_Stored items from a collection_
########################################

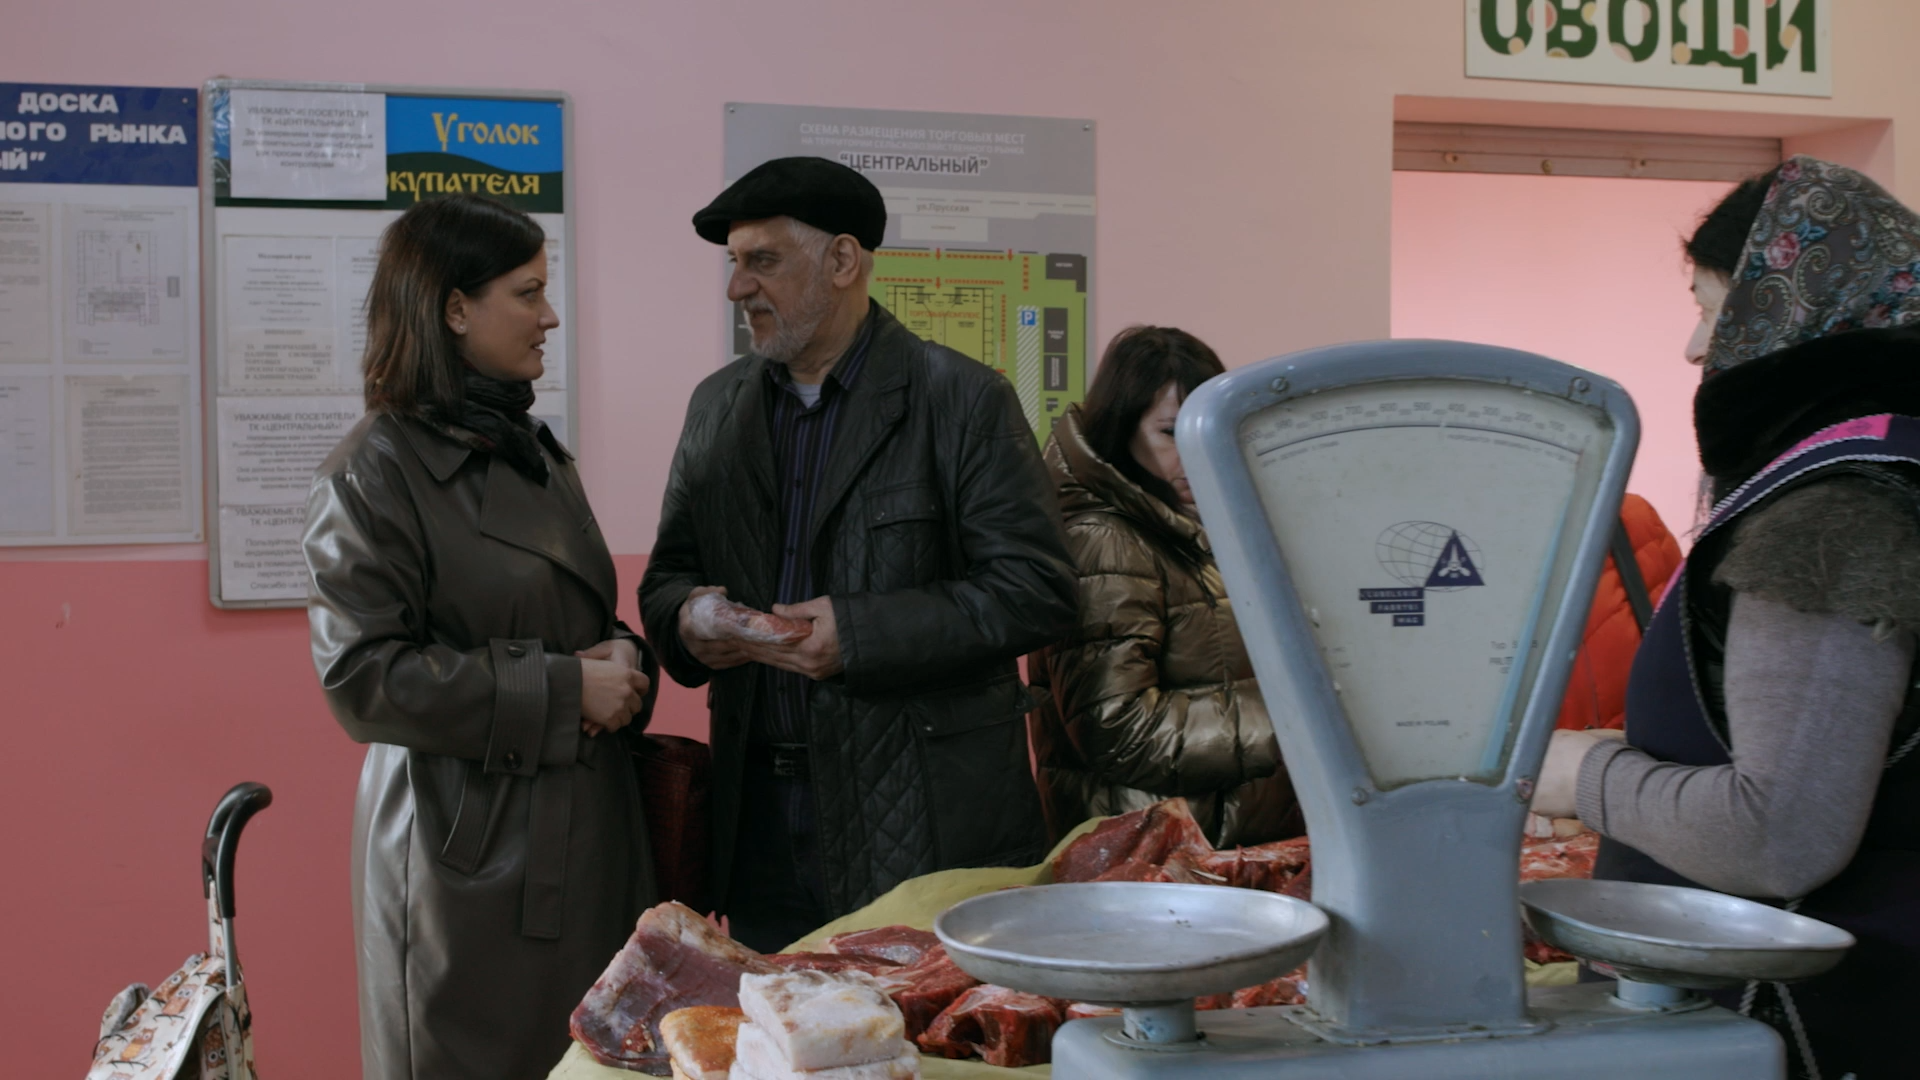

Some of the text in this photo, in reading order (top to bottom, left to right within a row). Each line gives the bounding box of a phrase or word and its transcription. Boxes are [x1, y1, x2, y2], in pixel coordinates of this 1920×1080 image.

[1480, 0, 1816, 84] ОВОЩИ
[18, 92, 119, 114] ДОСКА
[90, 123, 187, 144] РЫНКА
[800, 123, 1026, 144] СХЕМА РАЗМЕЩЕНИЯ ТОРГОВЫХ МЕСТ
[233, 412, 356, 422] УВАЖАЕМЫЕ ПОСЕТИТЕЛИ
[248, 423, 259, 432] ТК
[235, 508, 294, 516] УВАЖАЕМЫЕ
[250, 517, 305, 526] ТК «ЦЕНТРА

########################################

_TASK PROMPT_
Each of the entries above must be output exactly, with none of the pictures.

_RESULT OF THIS TASK_
Some of the text in this photo, in reading order (top to bottom, left to right within a row). Each line gives the bounding box of a phrase or word and its transcription. Boxes are [x1, y1, x2, y2], in pixel coordinates of this 1920×1080 image.

[1480, 0, 1816, 84] ОВОЩИ
[18, 92, 119, 114] ДОСКА
[90, 123, 187, 144] РЫНКА
[800, 123, 1026, 144] СХЕМА РАЗМЕЩЕНИЯ ТОРГОВЫХ МЕСТ
[233, 412, 356, 422] УВАЖАЕМЫЕ ПОСЕТИТЕЛИ
[248, 423, 259, 432] ТК
[235, 508, 294, 516] УВАЖАЕМЫЕ
[250, 517, 305, 526] ТК «ЦЕНТРА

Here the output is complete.